24 February 2010

Editing Resource Bundles in Eclipse

Playing around with the Apache Roller blog engine, I noticed that some of the localized German text messages were missing or broken. Roller uses plain old Java resource bundles instead of the NLS mechanisms offered by Eclipse. Editing resource bundles for multiple languages in parallel is rather a pain with a plain text editor, so I was looking for an Eclipse plugin to do this job.

(Just to avoid any confusion, even though I've been writing a lot about OSGi bundles, the term bundle is only used in the sense of a resource bundle, or properties file, in this article.)

I found two solutions, both of which have minor bugs and lack some documentation but are very helpful nevertheless. And it turned out that the second solution uses code from the first one:
At first, I tried the Resource Bundle Editor. The latest version is from 2007, and some people have reported conflicts with newer Eclipse versions. I installed the Bundle in my Eclipse 3.5.1, and did not notice any version conflicts at all.

However, the Resource Bundle Editor does not parse the properties files correctly. It does not recognize exclamation marks as comment signs. For comment lines of the form
!some.key = some value
the editor will display a bogus key !some.key.

Looking at the sources, I found the the PropertiesParser class only recognizes a subset of the valid properties file syntax.
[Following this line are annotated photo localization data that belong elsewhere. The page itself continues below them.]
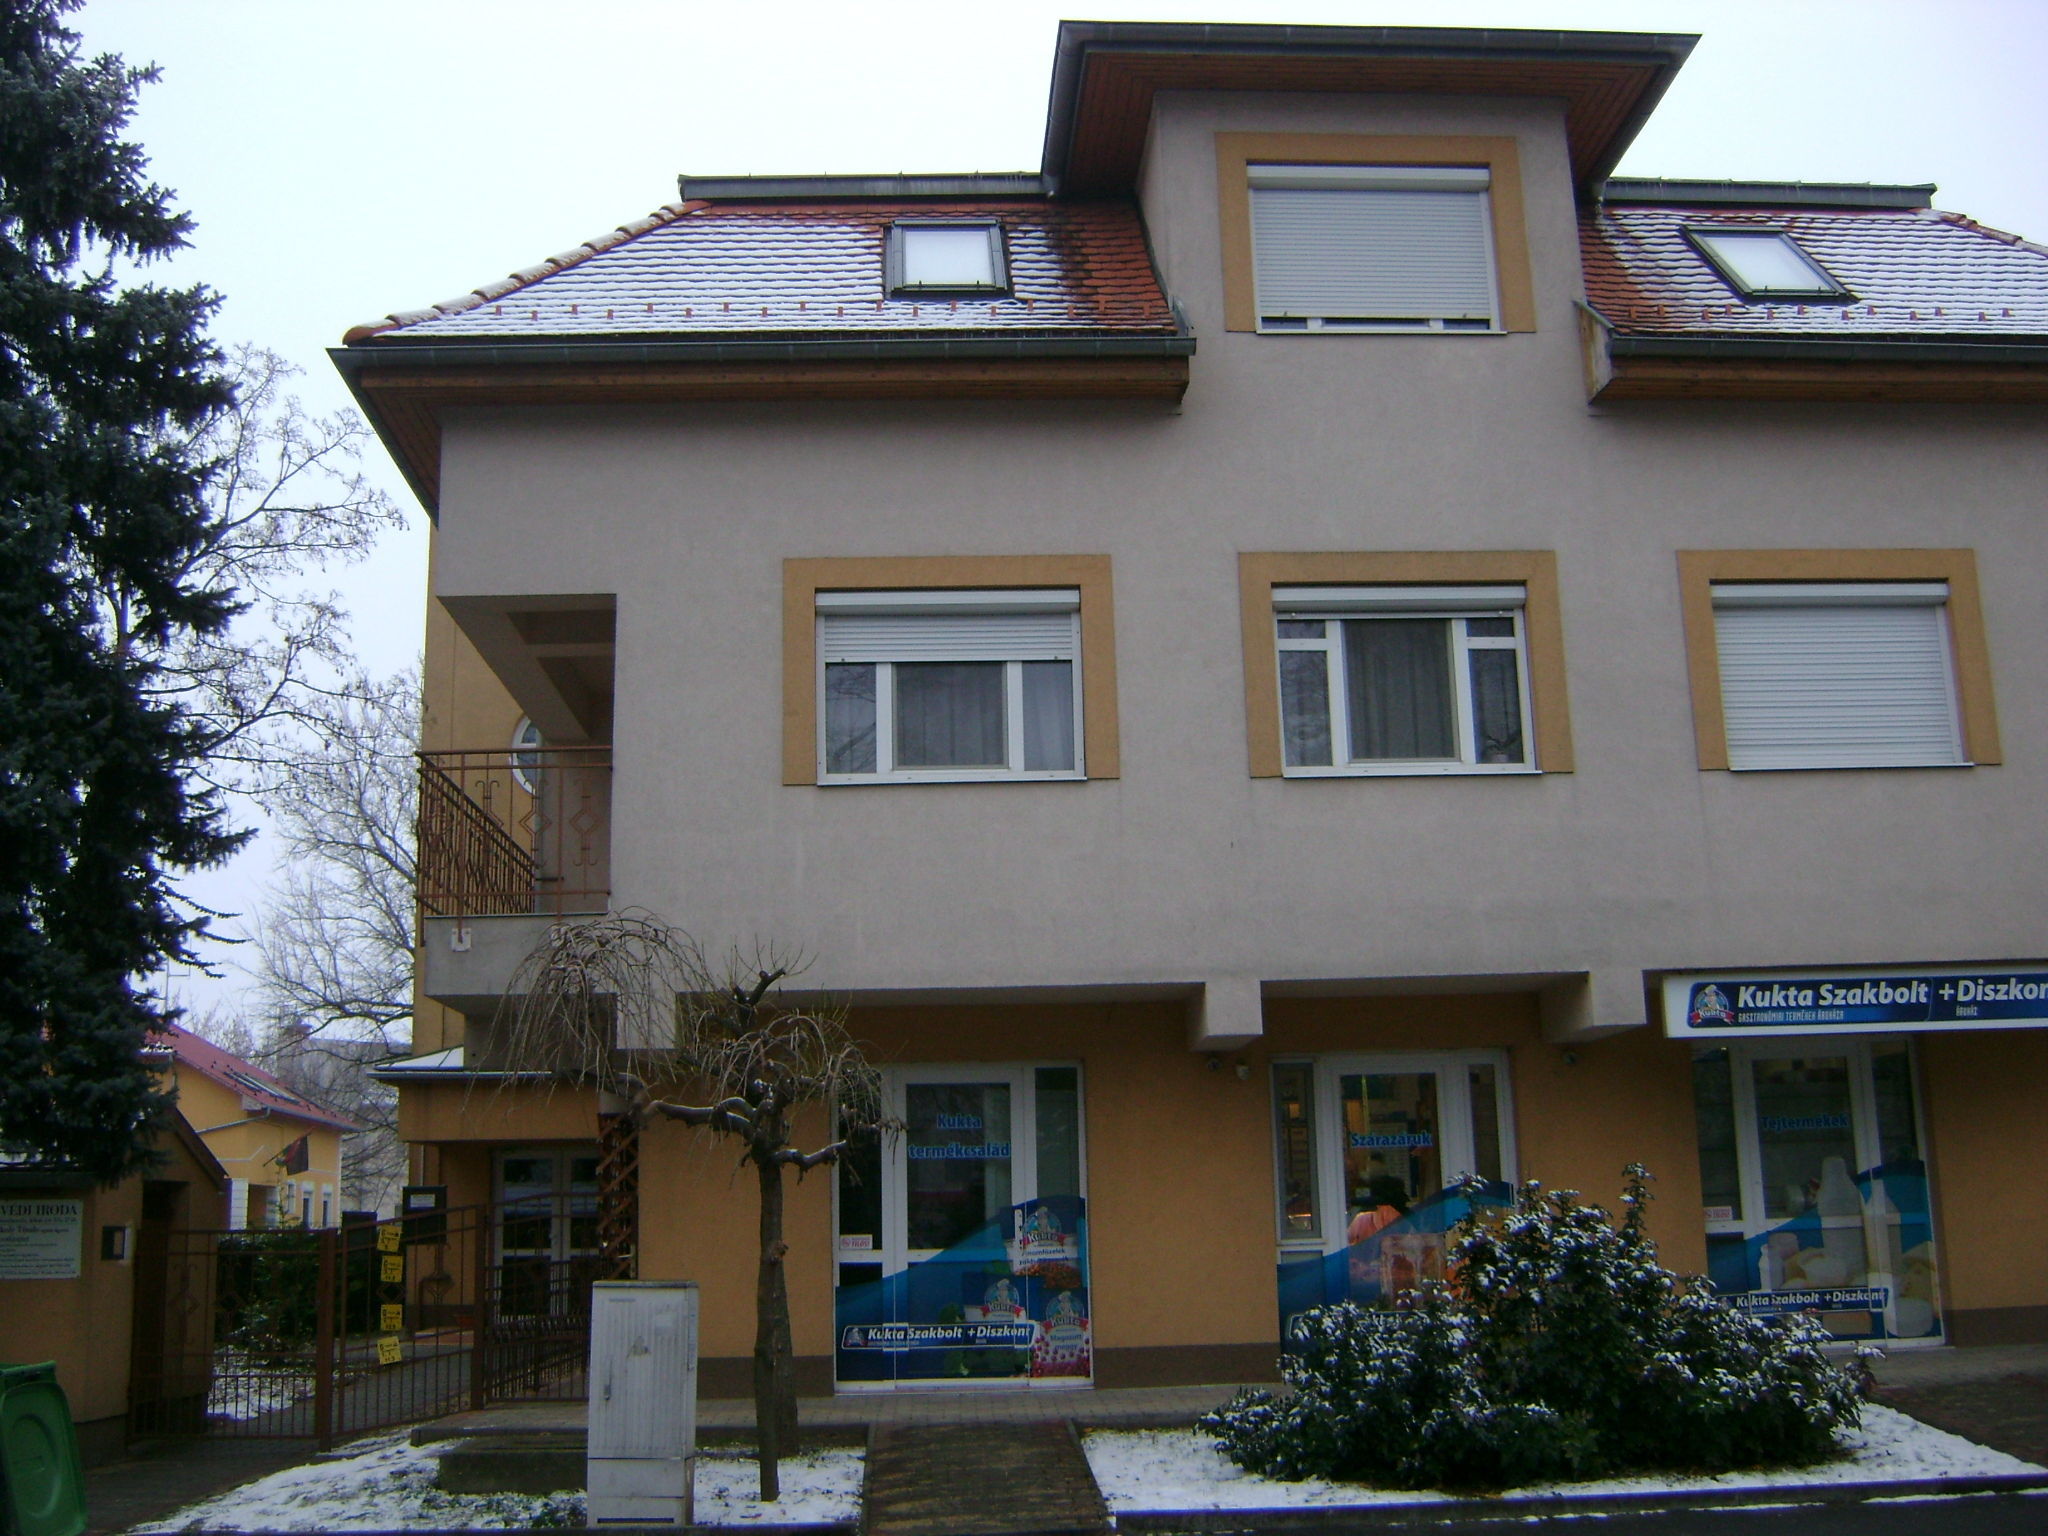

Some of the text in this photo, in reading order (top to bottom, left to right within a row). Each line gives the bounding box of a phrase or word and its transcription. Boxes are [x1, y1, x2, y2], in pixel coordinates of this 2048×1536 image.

[1737, 984, 1813, 1008] Kukta
[1818, 980, 1928, 1006] Szakbolt
[936, 1112, 982, 1128] Kukta
[1761, 1113, 1849, 1132] Tejtermékek
[1351, 1130, 1432, 1147] Szárazáruk
[908, 1142, 1010, 1158] termékcsalád
[36, 1205, 77, 1215] IRODA
[1771, 1291, 1820, 1305] Szakbolt
[868, 1327, 905, 1340] Kukta
[907, 1326, 962, 1339] Szakbolt
After that, I had a look at the Eclipse Babel editor. Unfortunately, the Babel project does not yet provide binary downloads, so you have to build the two plugins from source.

As it turned out, parts of the Babel sources are derived from the Resource Bundle Editor sources, and the same incomplete parser code is also used in the Eclipse project in class PropertiesDeserializer.
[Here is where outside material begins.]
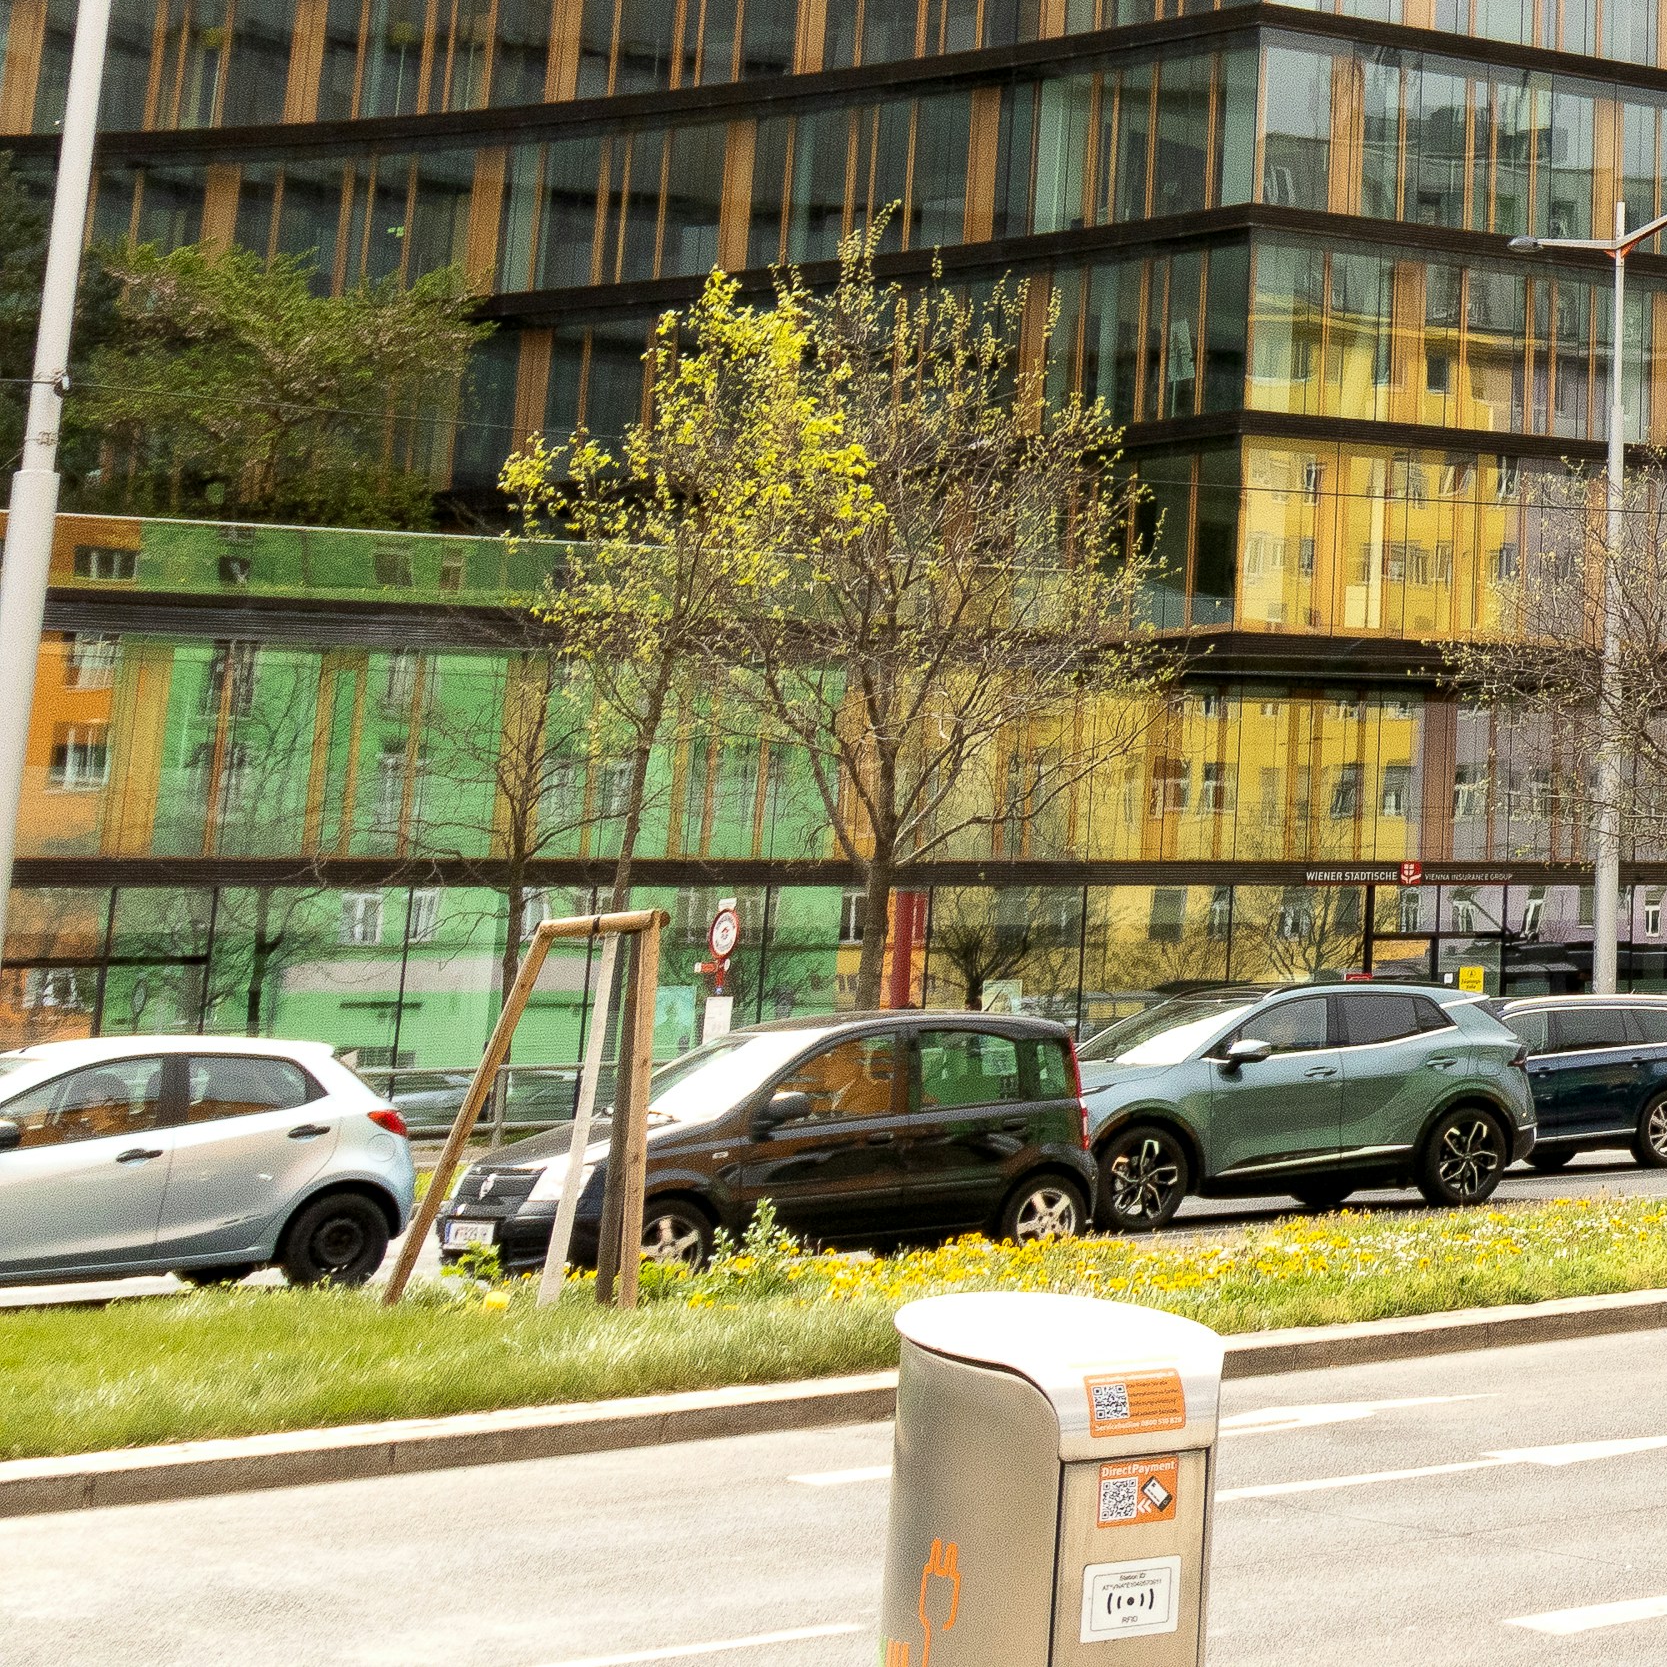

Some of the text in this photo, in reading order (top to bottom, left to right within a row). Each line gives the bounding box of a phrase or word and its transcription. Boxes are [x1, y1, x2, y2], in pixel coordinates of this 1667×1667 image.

I changed a regular expression in the source to fix the "!"-problem. You can get the binary plugins including my patch from here:

After installing the plugins, go to Window | Preferences | Messages Editor and deselect the option Setup validation builder on Java projects automatically, or else you may get lots of error markers on other properties files which are not used as message bundles at all. I also set the Reports severities to Ignore and the Displayed Locales to de to narrow the Editor display to the language I'm actually working on.
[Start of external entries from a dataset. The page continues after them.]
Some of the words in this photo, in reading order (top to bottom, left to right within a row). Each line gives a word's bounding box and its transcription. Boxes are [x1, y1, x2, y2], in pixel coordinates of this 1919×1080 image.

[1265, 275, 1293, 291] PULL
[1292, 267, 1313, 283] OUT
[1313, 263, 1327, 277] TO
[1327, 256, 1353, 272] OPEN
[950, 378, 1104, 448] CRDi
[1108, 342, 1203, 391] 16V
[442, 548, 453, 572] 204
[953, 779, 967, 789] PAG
To edit a resource bundle, select the properties file in the Package Explorer and open it with the Messages Editor via the context menu.

Here is a screenshot of the Messages Editor in action:

With the additional toolbar buttons, you can limit the view to missing or unused translations.

    3 comments:

    Unknown said...

    I couldn't get this working. I put the two jars into the plugins folder of Eclipse. Then I launched eclipse with the -clean argument. After that I couldn't find the Messages Editor in Window/Preferences.

    Harald Wellmann said...

    Which Eclipse version are you using?

    Unknown said...

    I guess you should put files in dropins directory, not plugins.